Légendes du château de Vaumarcus
Extrait du : “Le véritable MESSAGER BOITEUX de NEUCHATEL, pour l’an de grâce 1886”
par : une élève de l’Ecole supérieure des demoiselles, à Neuchâtel1
C’est au temps de Jehan III, sire de Vaumarcus2, qu’apparut pour la première fois le malicieux servant, que de nos jours encore les vieilles gens désignent sous le nom de Folaton. Qui était-il ? D’où venait-il ? C’est ce que personne ne saurait dire, puisqu’il ne lui a jamais plu de le révéler à âme qui vive. Cet être mystérieux se plaisait à jouer les plus vilains tours aux valets du château, et lorsqu’il les avait mis dans un embarras quelconque, personne ne pouvait les en tirer que le baron, leur maître, ou la baronne, qui était alors très haute et très noble dame Marguerite de Laviron.
Le Follaton surveillait les biens du baron avec un soin tout particulier. Impossible aux domestiques de tromper leur maître, de quelque manière qu’ils s’y prissent. Quoi qu’ils fissent, le Follaton les surveillait, prêt à les châtier d’importance pour la moindre indélicatesse.

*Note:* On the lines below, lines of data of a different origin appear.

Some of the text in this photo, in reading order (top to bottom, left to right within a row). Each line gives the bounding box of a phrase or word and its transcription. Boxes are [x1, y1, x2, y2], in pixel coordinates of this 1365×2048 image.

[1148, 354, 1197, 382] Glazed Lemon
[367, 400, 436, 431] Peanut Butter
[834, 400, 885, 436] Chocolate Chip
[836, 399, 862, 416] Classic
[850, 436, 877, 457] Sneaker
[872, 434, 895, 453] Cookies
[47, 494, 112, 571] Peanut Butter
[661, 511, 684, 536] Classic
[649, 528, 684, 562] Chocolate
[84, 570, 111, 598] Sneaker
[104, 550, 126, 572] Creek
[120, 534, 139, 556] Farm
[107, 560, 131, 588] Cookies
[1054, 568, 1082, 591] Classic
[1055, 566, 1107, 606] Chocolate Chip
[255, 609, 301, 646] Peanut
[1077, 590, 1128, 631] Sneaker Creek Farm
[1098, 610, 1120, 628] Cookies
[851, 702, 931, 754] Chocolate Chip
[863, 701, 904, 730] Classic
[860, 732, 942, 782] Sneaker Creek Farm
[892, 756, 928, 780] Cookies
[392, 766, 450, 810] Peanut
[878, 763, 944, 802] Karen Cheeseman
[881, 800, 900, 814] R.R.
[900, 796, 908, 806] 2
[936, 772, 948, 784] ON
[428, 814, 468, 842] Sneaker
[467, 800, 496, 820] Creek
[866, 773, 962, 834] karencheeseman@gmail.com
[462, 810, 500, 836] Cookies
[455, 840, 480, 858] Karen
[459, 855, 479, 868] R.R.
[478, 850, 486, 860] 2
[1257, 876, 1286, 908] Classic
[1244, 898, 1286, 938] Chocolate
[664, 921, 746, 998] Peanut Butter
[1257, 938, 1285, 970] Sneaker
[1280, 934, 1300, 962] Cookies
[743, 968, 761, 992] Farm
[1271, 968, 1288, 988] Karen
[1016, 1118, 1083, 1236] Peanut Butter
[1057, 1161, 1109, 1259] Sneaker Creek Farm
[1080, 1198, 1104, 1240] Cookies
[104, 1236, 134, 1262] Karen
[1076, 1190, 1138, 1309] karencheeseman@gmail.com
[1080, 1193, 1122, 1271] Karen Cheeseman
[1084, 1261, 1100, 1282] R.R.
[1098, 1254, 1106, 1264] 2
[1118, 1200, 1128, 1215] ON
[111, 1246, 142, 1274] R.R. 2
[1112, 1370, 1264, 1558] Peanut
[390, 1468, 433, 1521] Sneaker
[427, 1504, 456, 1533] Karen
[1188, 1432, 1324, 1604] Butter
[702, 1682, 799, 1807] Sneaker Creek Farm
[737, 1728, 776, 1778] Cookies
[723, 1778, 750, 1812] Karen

Chacun, à la Béroche, sait l’histoire de cette jeune servante envoyée au fruitier pour y chercher des noix, voulut remettre la main dans l’arche3 lorsque son panier fut plein; l’impitoyable lutin lui fit perdre l’équilibre et elle se trouva, en un clin d’oeil, la tête dans les noix. La baronne, ne voyant pas revenir la servante, envoya un valet à sa recherche. Celui-ci, en entrant dans le fruitier, entendit un bruit singulier, comme ferait quelqu’un qui roulerait en riant. Il voulut retirer la pauvre fille qui était toujours dans l’arche, mais il ne put y parvenir, et force lui fut d’aller chercher la baronne, qui délivra enfin la malheureuse à demi morte de terreur.

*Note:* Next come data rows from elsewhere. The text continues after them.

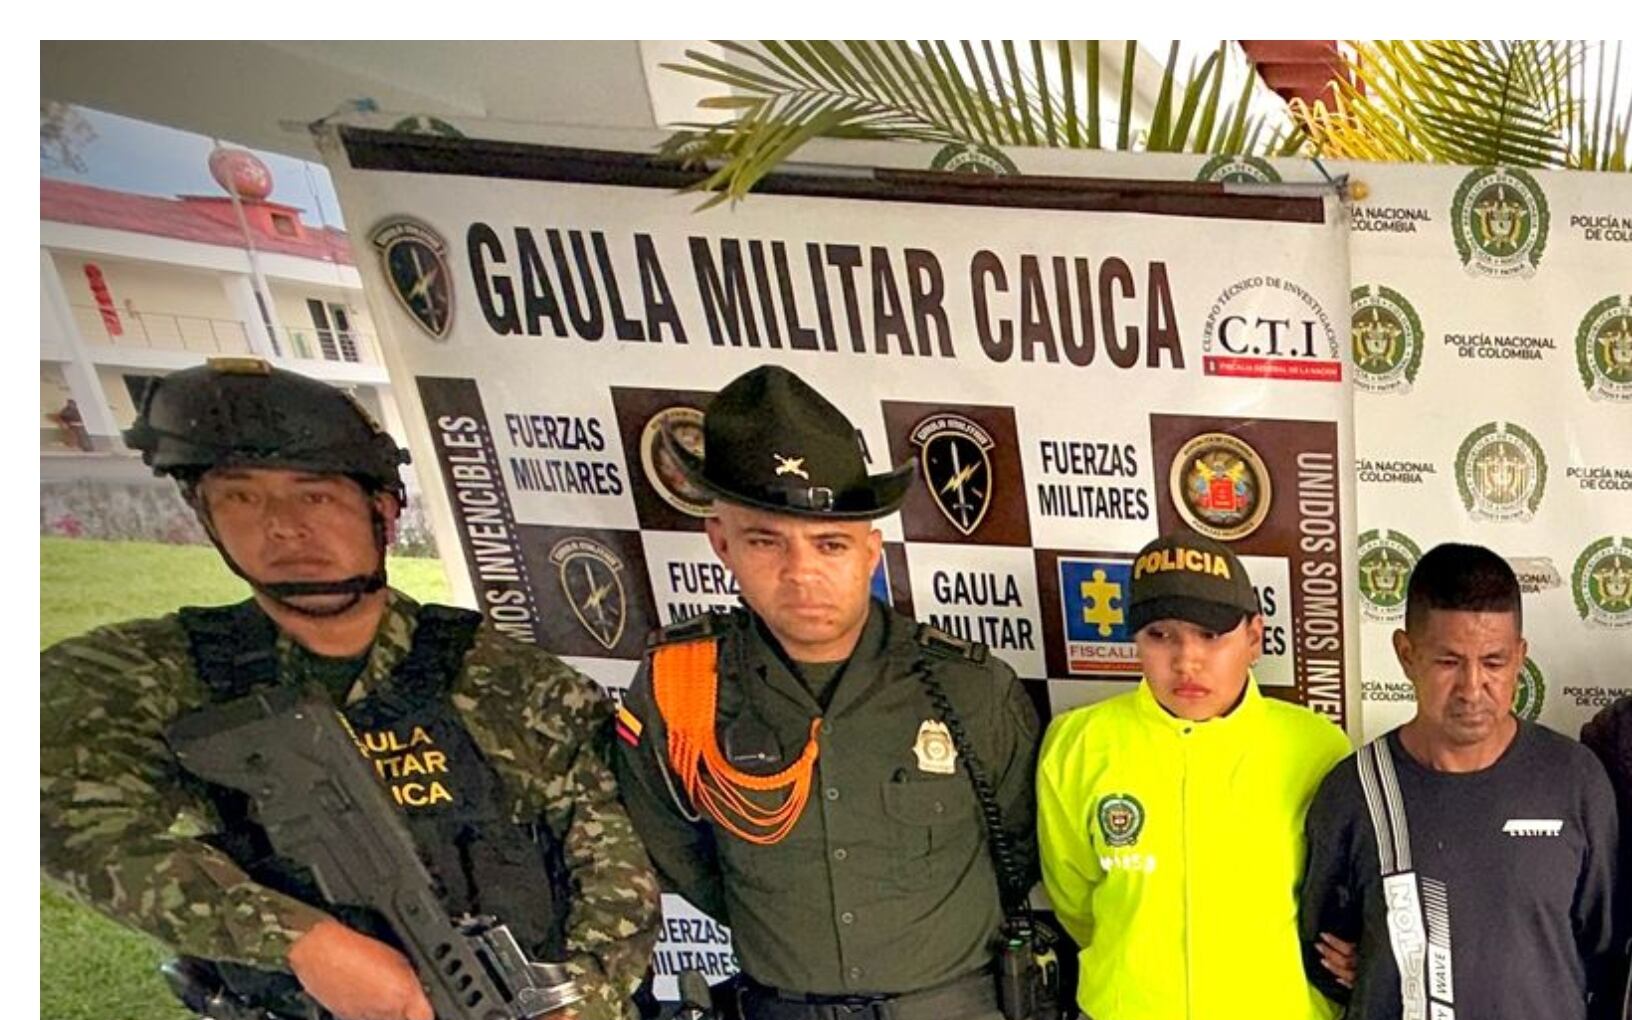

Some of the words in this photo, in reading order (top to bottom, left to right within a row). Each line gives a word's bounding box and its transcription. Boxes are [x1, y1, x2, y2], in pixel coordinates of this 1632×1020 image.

[1365, 208, 1432, 221] NACIONAL
[1570, 215, 1620, 229] POLICÍA
[1585, 228, 1602, 240] DE
[467, 222, 688, 343] GAULA
[689, 236, 956, 359] MILITAR
[970, 249, 1186, 370] CAUCA
[1266, 276, 1281, 289] DE
[1219, 315, 1318, 357] C.T.I
[1444, 334, 1492, 347] POLICÍA
[1494, 336, 1556, 349] NACIONAL
[1458, 346, 1475, 358] DE
[1478, 347, 1542, 360] COLOMBIA
[510, 414, 606, 452] FUERZAS
[511, 457, 624, 495] MILITARES
[1040, 441, 1137, 478] FUERZAS
[1375, 461, 1436, 473] NACIONAL
[1359, 471, 1422, 483] COLOMBIA
[1580, 479, 1596, 490] DE
[438, 414, 519, 582] INVENCIBLES
[1038, 485, 1149, 520] MILITARES
[1298, 452, 1336, 553] UNIDOS
[669, 562, 740, 593] FUERZ
[1136, 547, 1230, 581] POLICIA
[933, 571, 1023, 607] GAULA
[1301, 555, 1339, 651] SOMOS
[1070, 645, 1142, 660] FISCALI
[1435, 952, 1447, 994] WAVE

Une autre fois, certain cocher désirant faire connaissance avec les bouteilles de son maître, descendit à la cave lorsque tout le monde fut couché. Mais arrivé au bas des escaliers, un souffle mystérieux éteignit sa lumière; trois fois il la ralluma et les trois fois elle fut éteinte. A la fin, il prend le parti d’aller sans lumière et s’avance bravement dans le passage obscur, formé par les rangées de tonneaux, orgueil du baron. Arrivé devant le cellier, il allonge le bras pour prendre une des fameuses bouteilles, objet de sa convoitise; mais aussitôt il se sent serré à la gorge par une main de fer, tandis qu’un poids énorme s’abat sur ses épaules. Haletant, à demi étouffé, il recommande son âme à Dieu. Point de changement ! Il implore la Vierge et les saints, le poids devient plus lourd et la strangulation s’accentue encore davantage ! Alors écrasé, étranglé, mourant, il parvient à hurler : « Que le diable t’emporte !». O bonheur inespéré ! la main le lâche, le poids est enlevé, et notre valet, sans même regarder les bouteilles, s’enfuit de toute la vitesse de ses jambes.

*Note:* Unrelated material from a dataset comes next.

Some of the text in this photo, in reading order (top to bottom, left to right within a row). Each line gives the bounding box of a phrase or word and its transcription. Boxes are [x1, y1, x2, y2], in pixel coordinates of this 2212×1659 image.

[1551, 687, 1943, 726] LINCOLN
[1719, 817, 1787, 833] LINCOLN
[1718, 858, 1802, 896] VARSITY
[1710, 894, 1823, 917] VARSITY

Un tour favori du lutin consistait attacher deux boeufs dans le même lien ou à lier les chevaux à la crèche par une jambe; c’était lui qui sonnait la cloche du dîner au milieu de la nuit, dans le seul but d’effrayer les gens ; il agitait le lierre des hautes tourelles et les arbres du jardin, poursuivait les souris derrière les boiseries en leur faisant pousser des cris affreux, tirait les oreilles du malheureux chat endormi au coin du foyer; on n’en finirait pas si l’on voulait énumérer tous ses méfaits.
Mais, comme les mortels qu’il se plaisait à tourmenter, le Follaton avait aussi ses moments de bonne humeur: alors tout se faisait comme par enchantement; il allumait le feu et préparait le déjeûner avant même que la cuisinière fût levée, mettait tout en ordre dans le manoir, au grand ébahissement des valets, qui bénissaient leur mystérieux auxiliaire.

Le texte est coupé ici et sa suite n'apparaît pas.